___ Extracted material
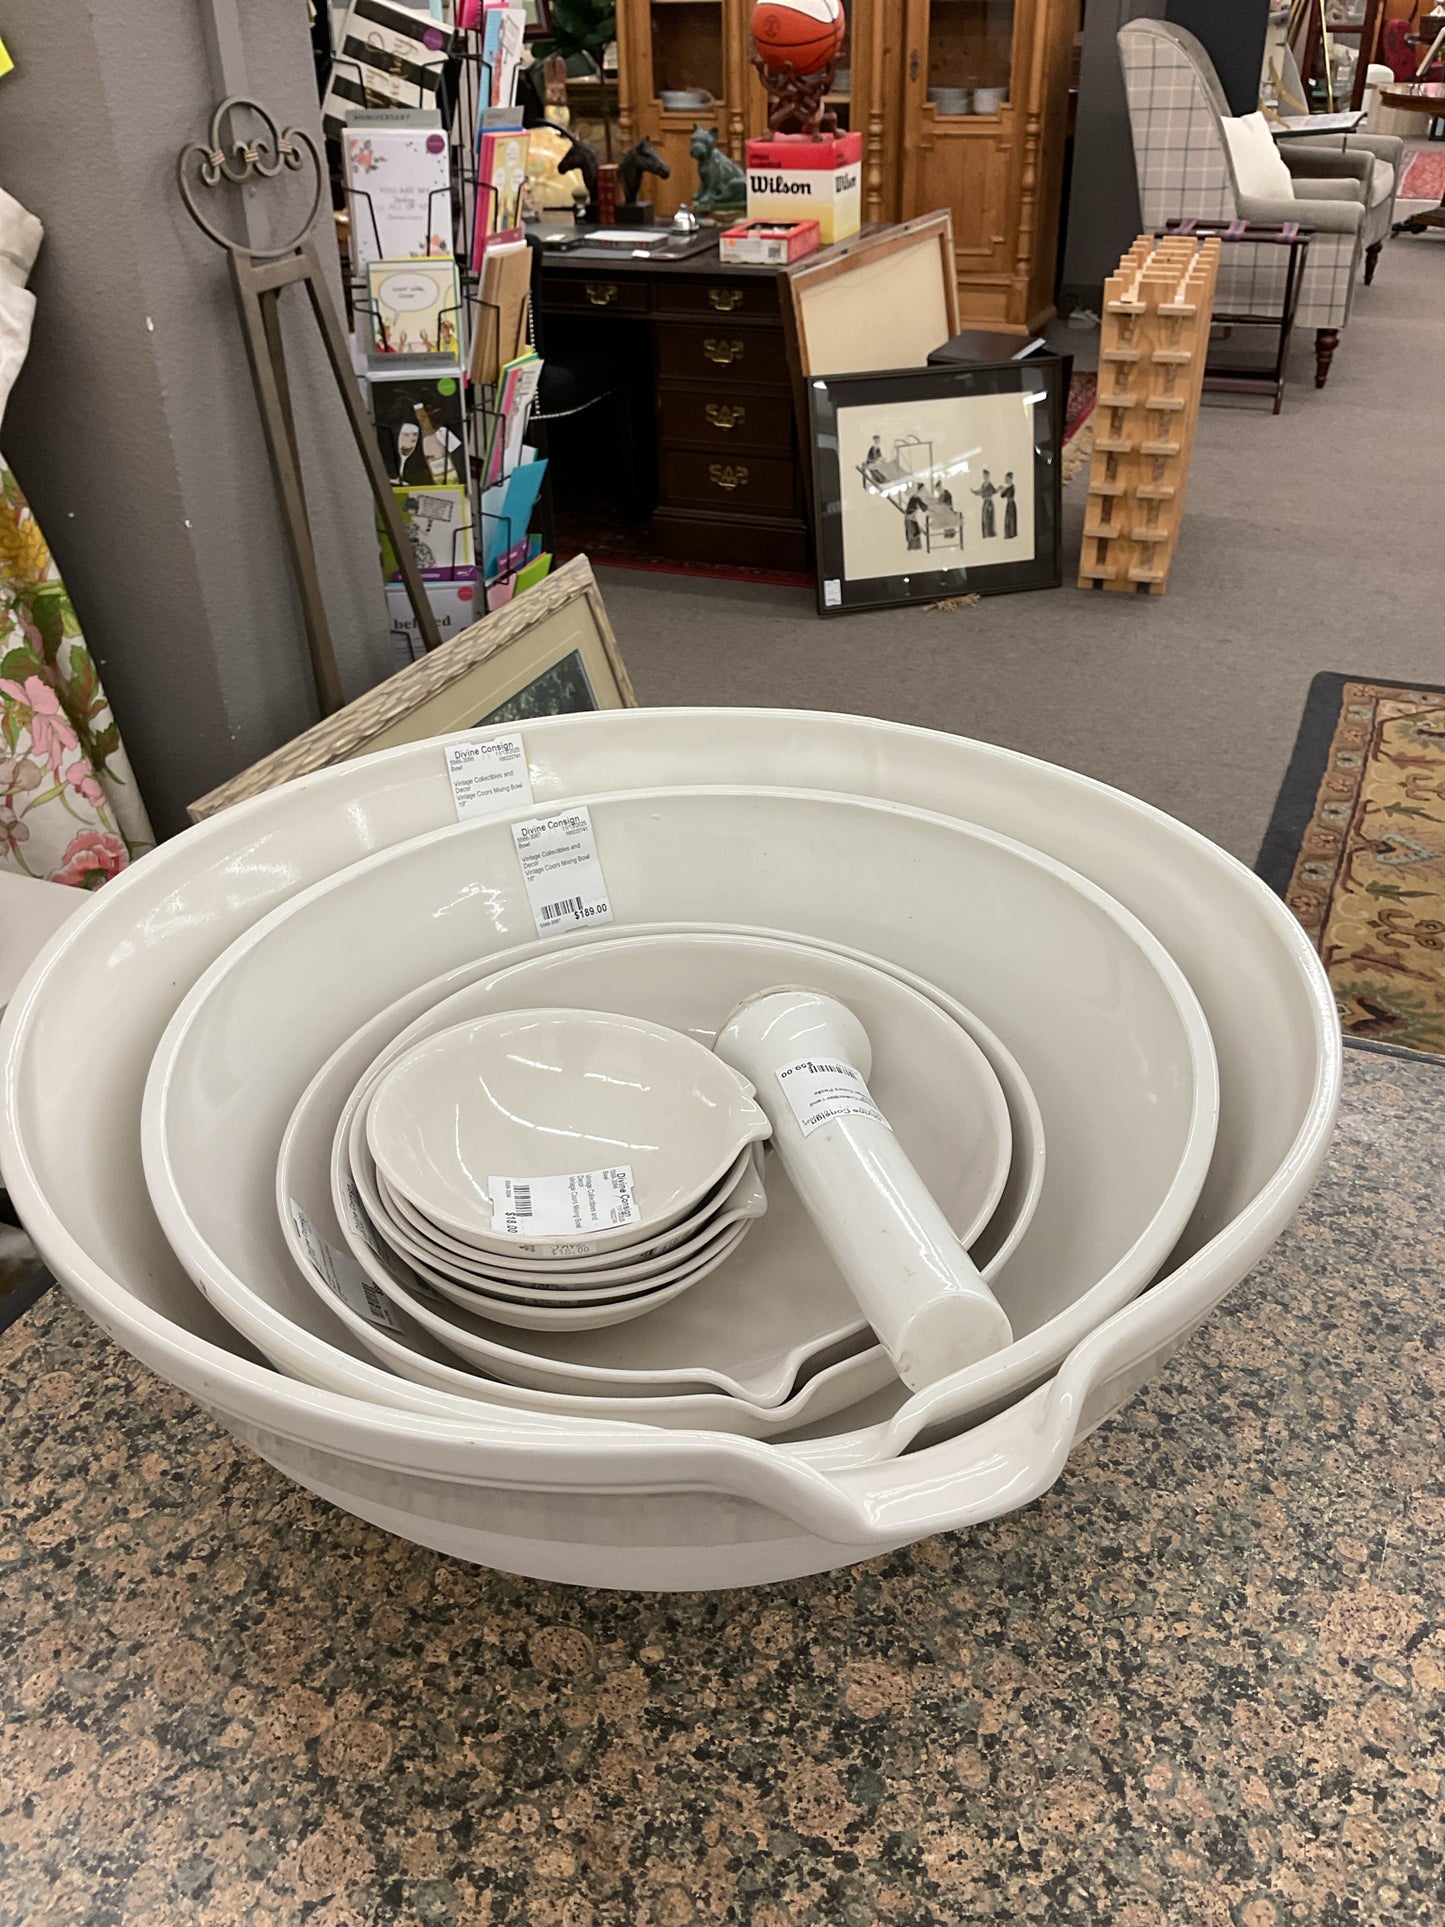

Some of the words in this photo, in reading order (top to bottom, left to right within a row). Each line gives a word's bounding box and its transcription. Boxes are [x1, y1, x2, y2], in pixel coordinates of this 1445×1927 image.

[750, 175, 811, 195] Wilson
[455, 748, 479, 759] Divine
[481, 742, 513, 753] Consign
[474, 774, 502, 783] Collectibles
[455, 786, 470, 794] Decor
[477, 789, 492, 797] Coors
[511, 782, 522, 790] Bowl
[522, 824, 546, 836] Divine
[548, 816, 580, 829] Consign
[522, 853, 541, 862] Vintage
[542, 847, 570, 857] Collectibles
[523, 861, 539, 869] Decor
[525, 867, 544, 875] Vintage
[561, 857, 577, 866] Mixing
[578, 854, 590, 862] Bowl
[574, 904, 607, 920] $189.00
[781, 1062, 814, 1078] $59.00
[811, 1108, 850, 1124] Consign
[569, 1176, 578, 1191] Vintage
[616, 1172, 626, 1193] Divine
[620, 1194, 632, 1217] Consign
[505, 1212, 518, 1233] $18.00
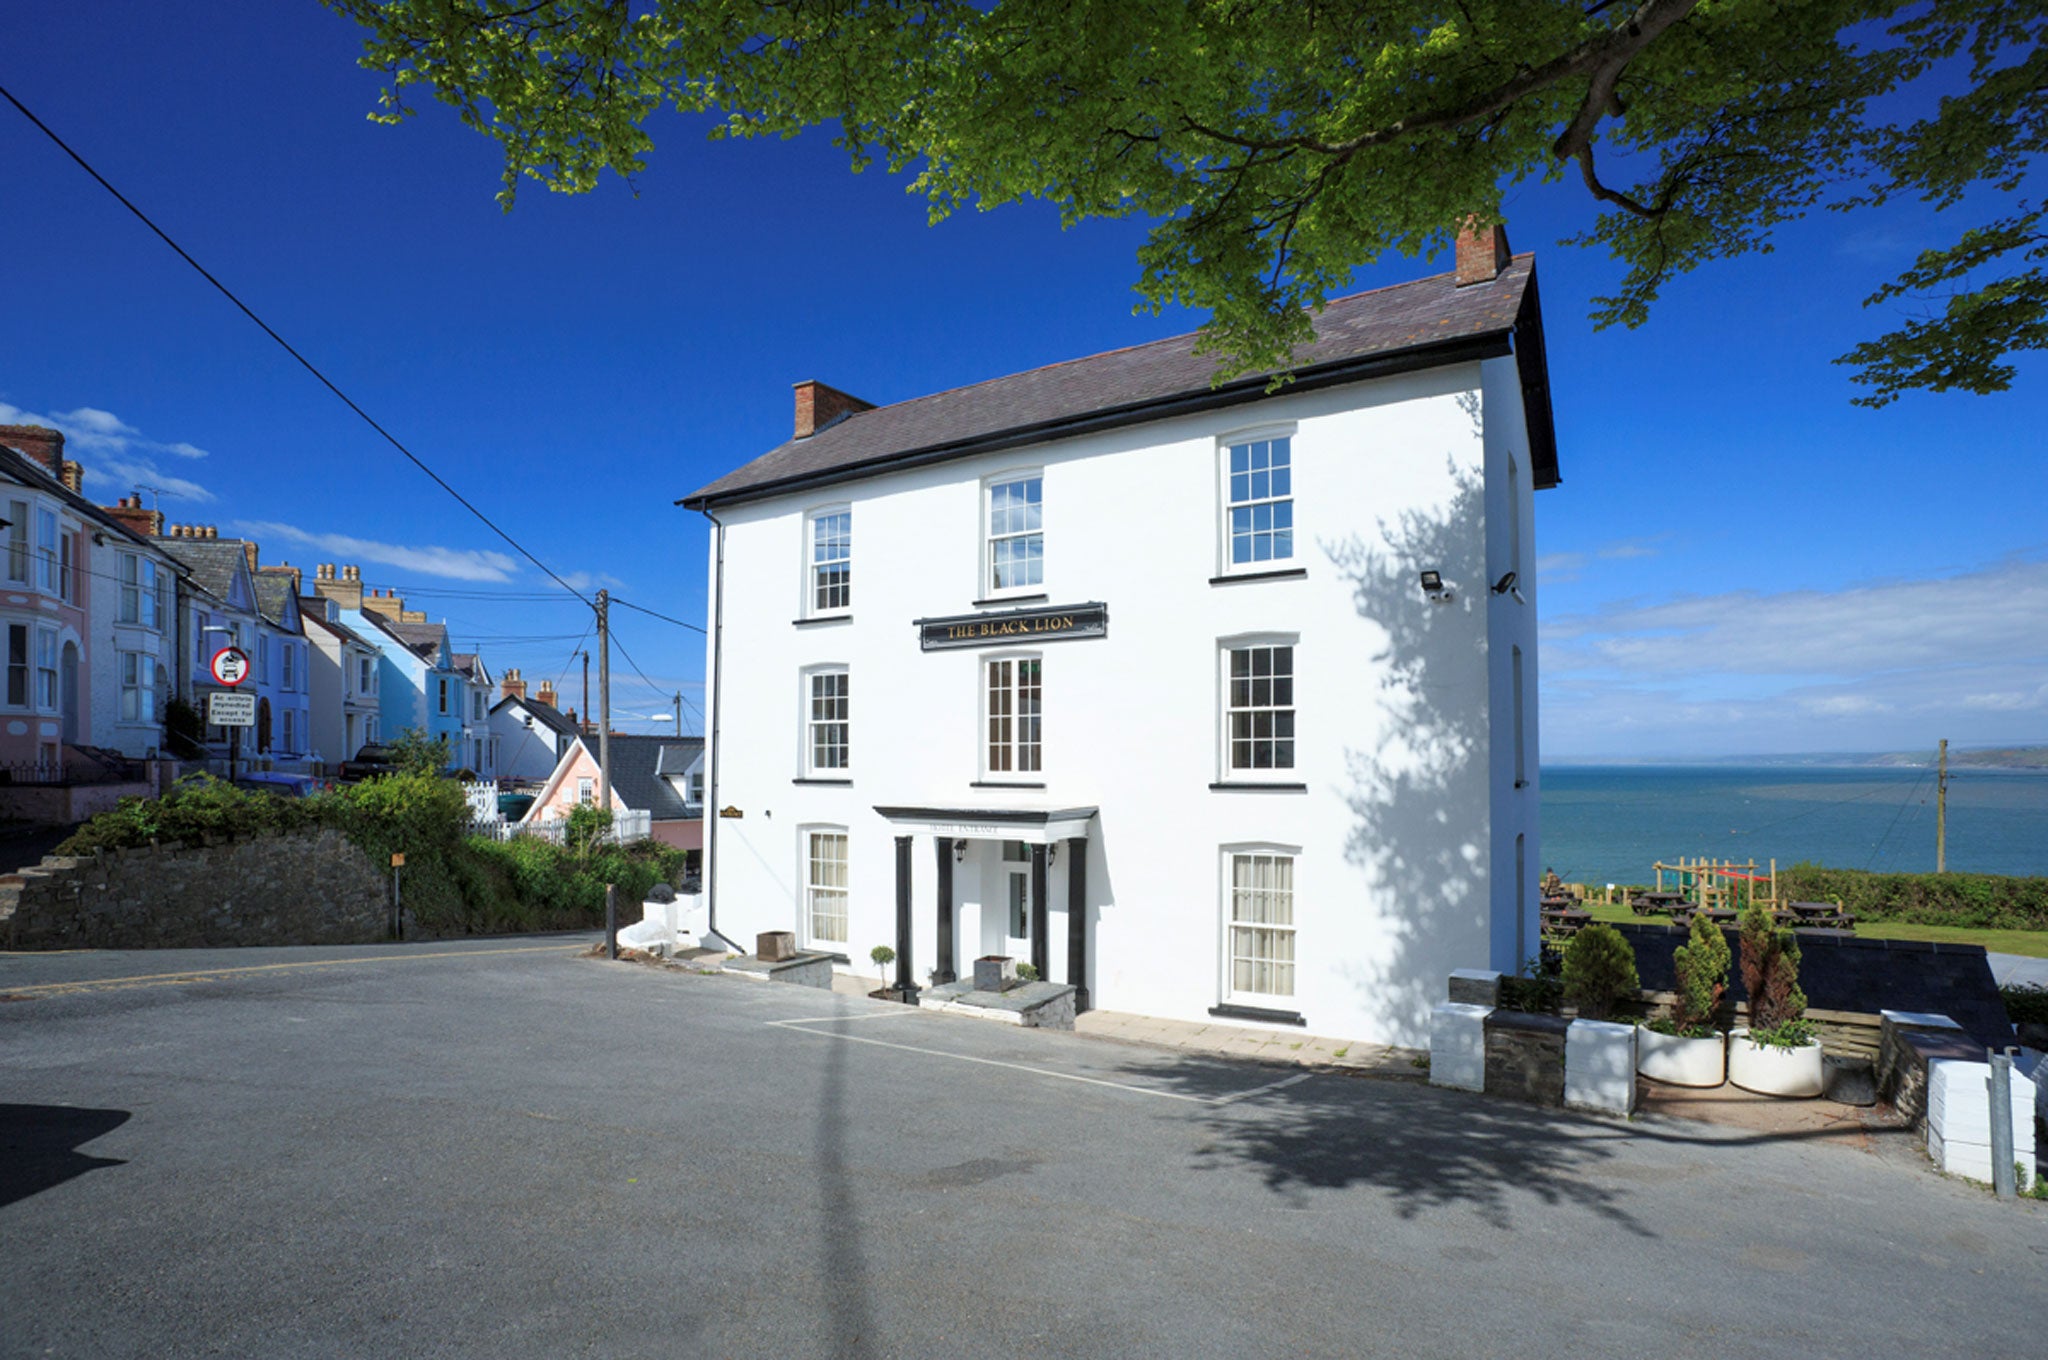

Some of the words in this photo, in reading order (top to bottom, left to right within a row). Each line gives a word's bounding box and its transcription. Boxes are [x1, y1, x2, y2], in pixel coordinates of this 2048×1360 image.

[948, 625, 975, 639] THE
[980, 620, 1028, 636] BLACK
[1035, 616, 1073, 631] LION
[211, 709, 238, 717] Except
______
Before copying the data, remove the pictures. Then repeat the rest exactly.

**Answer to the exercise:**
Some of the words in this photo, in reading order (top to bottom, left to right within a row). Each line gives a word's bounding box and its transcription. Boxes are [x1, y1, x2, y2], in pixel coordinates of this 1445×1927 image.

[750, 175, 811, 195] Wilson
[455, 748, 479, 759] Divine
[481, 742, 513, 753] Consign
[474, 774, 502, 783] Collectibles
[455, 786, 470, 794] Decor
[477, 789, 492, 797] Coors
[511, 782, 522, 790] Bowl
[522, 824, 546, 836] Divine
[548, 816, 580, 829] Consign
[522, 853, 541, 862] Vintage
[542, 847, 570, 857] Collectibles
[523, 861, 539, 869] Decor
[525, 867, 544, 875] Vintage
[561, 857, 577, 866] Mixing
[578, 854, 590, 862] Bowl
[574, 904, 607, 920] $189.00
[781, 1062, 814, 1078] $59.00
[811, 1108, 850, 1124] Consign
[569, 1176, 578, 1191] Vintage
[616, 1172, 626, 1193] Divine
[620, 1194, 632, 1217] Consign
[505, 1212, 518, 1233] $18.00

Some of the words in this photo, in reading order (top to bottom, left to right within a row). Each line gives a word's bounding box and its transcription. Boxes are [x1, y1, x2, y2], in pixel coordinates of this 2048×1360 image.

[948, 625, 975, 639] THE
[980, 620, 1028, 636] BLACK
[1035, 616, 1073, 631] LION
[211, 709, 238, 717] Except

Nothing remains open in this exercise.